* _Aim of the exercise_
When you repeat the entries below, please keep them exact and leave out the pictures.

── Entries shown ──

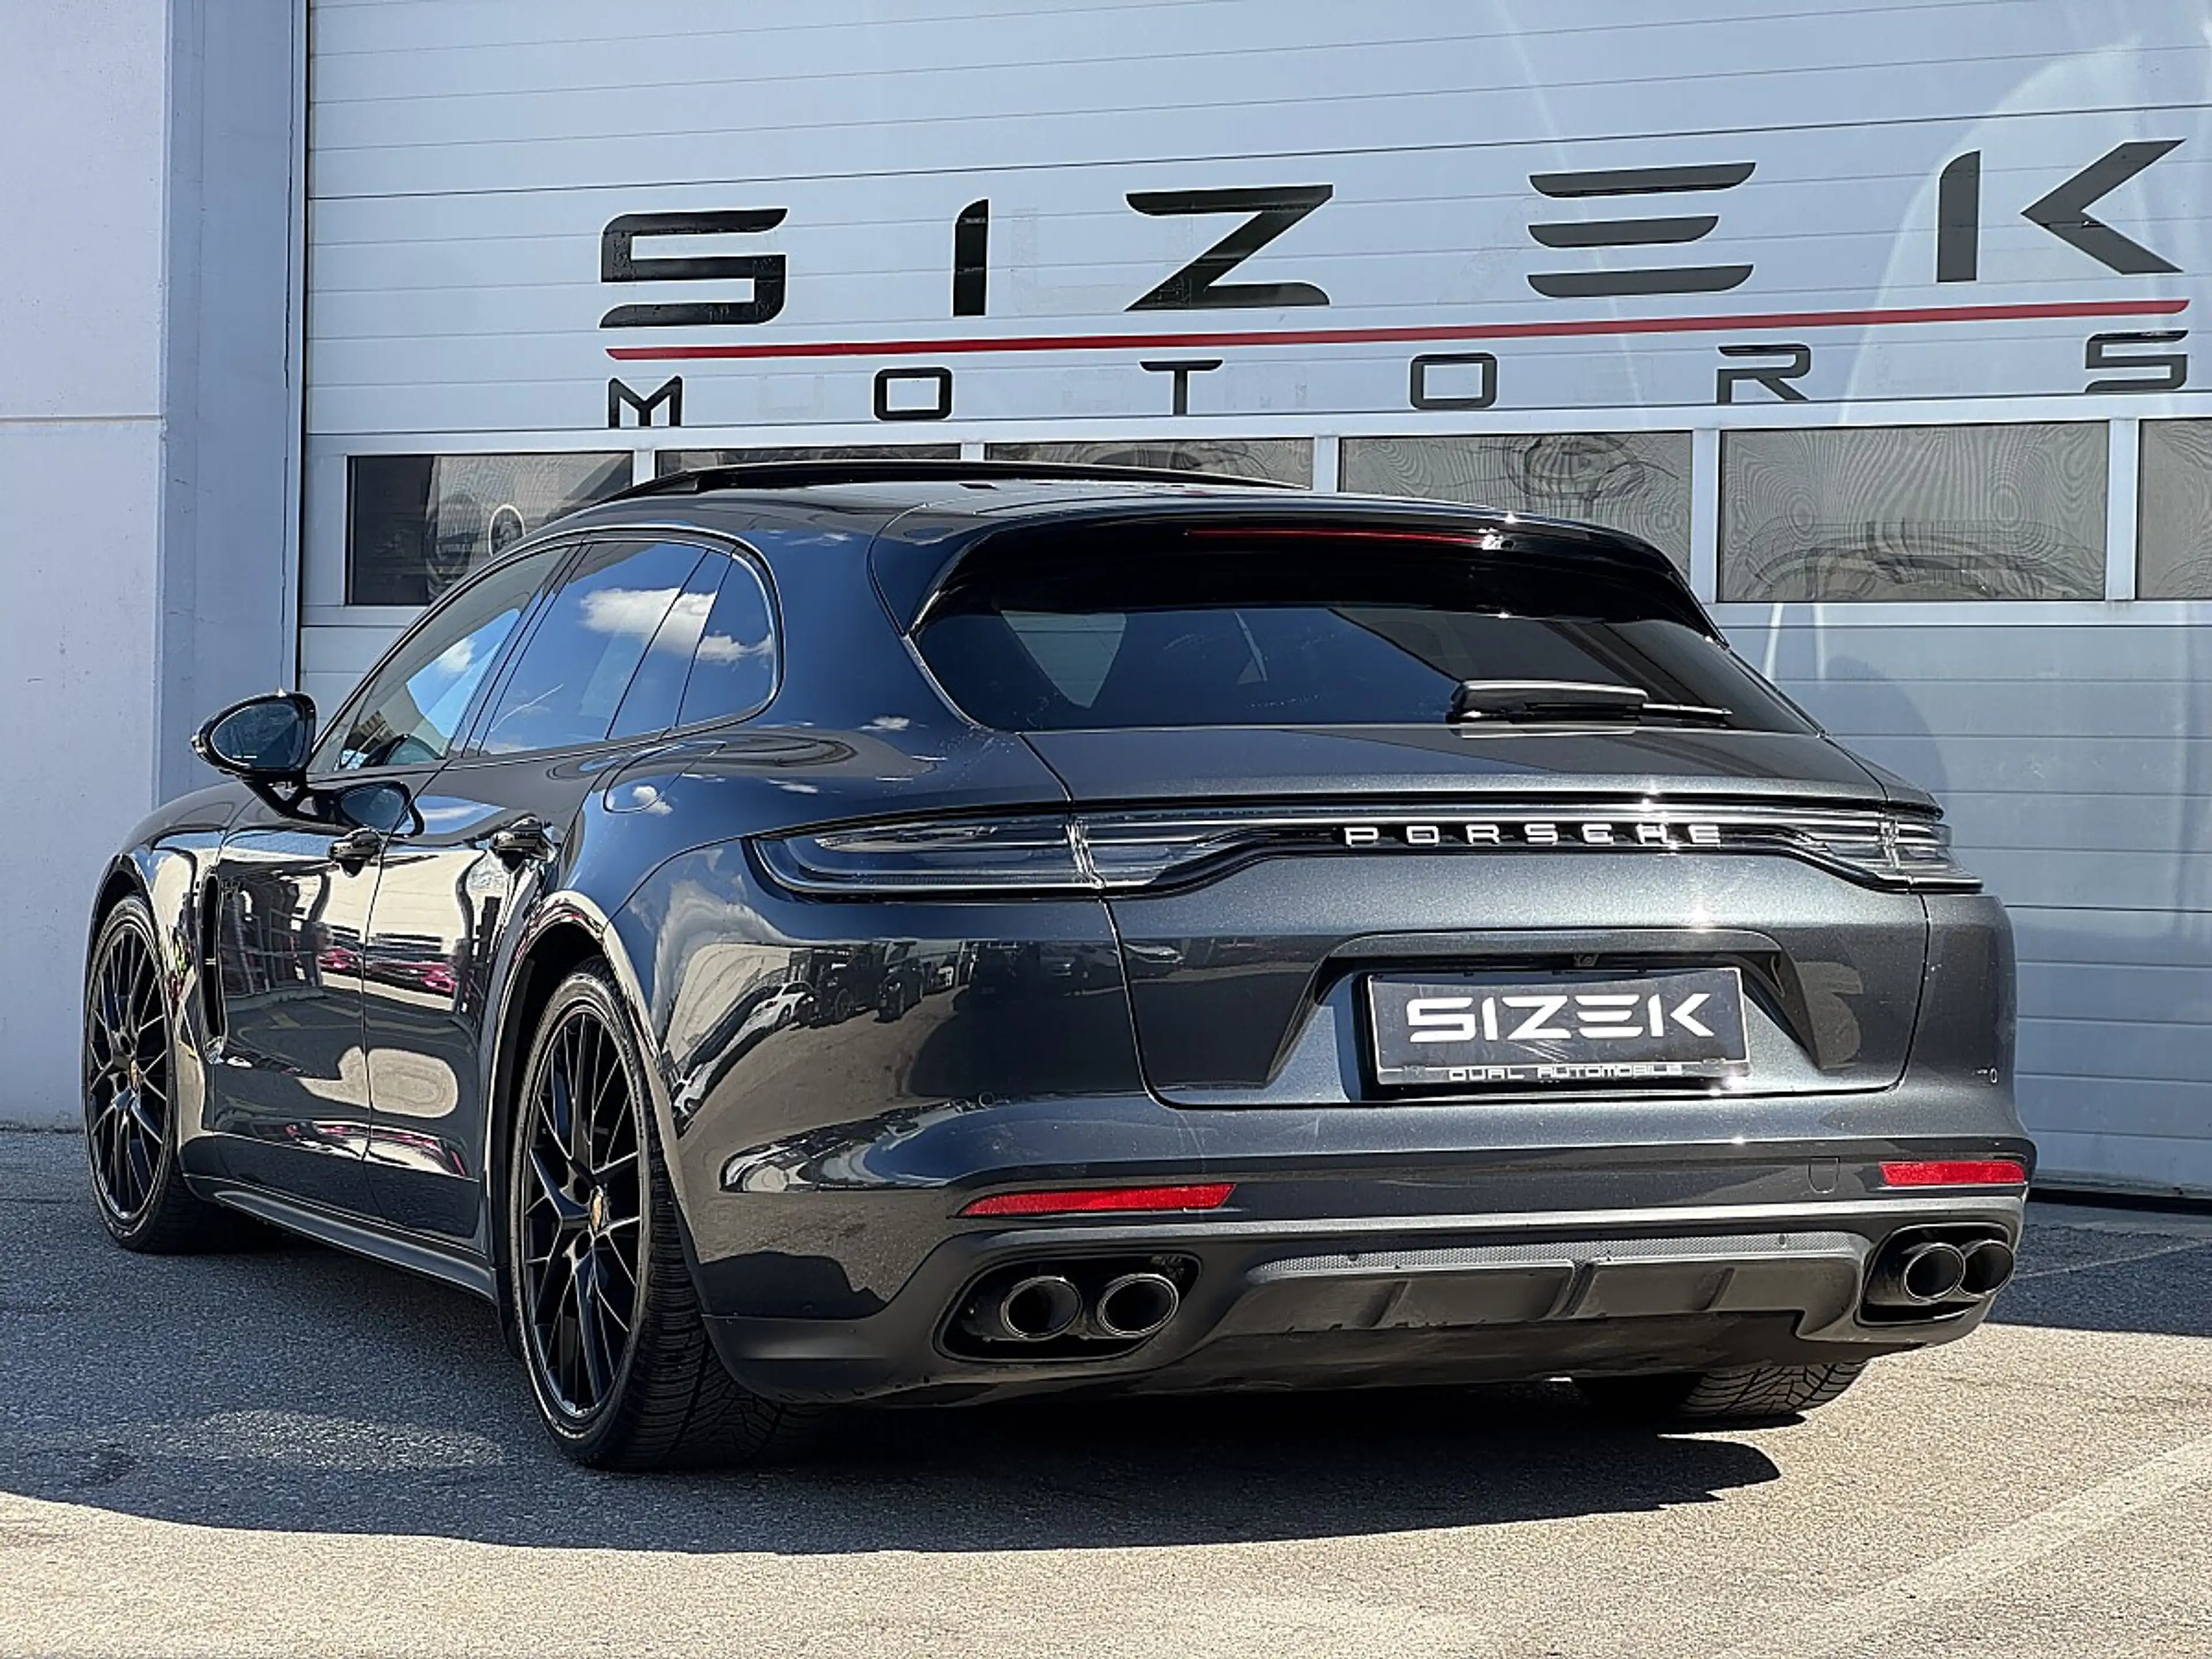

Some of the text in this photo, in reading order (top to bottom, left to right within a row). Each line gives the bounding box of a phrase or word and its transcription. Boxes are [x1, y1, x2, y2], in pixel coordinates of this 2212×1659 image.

[600, 139, 2186, 328] SIZEK
[608, 329, 2188, 428] MOTORS
[1344, 824, 1721, 846] PORSCHE
[1406, 994, 1715, 1042] SIZEK
[1449, 1067, 1525, 1081] DUAL

───

* _Exercise output_
Some of the text in this photo, in reading order (top to bottom, left to right within a row). Each line gives the bounding box of a phrase or word and its transcription. Boxes are [x1, y1, x2, y2], in pixel coordinates of this 2212×1659 image.

[600, 139, 2186, 328] SIZEK
[608, 329, 2188, 428] MOTORS
[1344, 824, 1721, 846] PORSCHE
[1406, 994, 1715, 1042] SIZEK
[1449, 1067, 1525, 1081] DUAL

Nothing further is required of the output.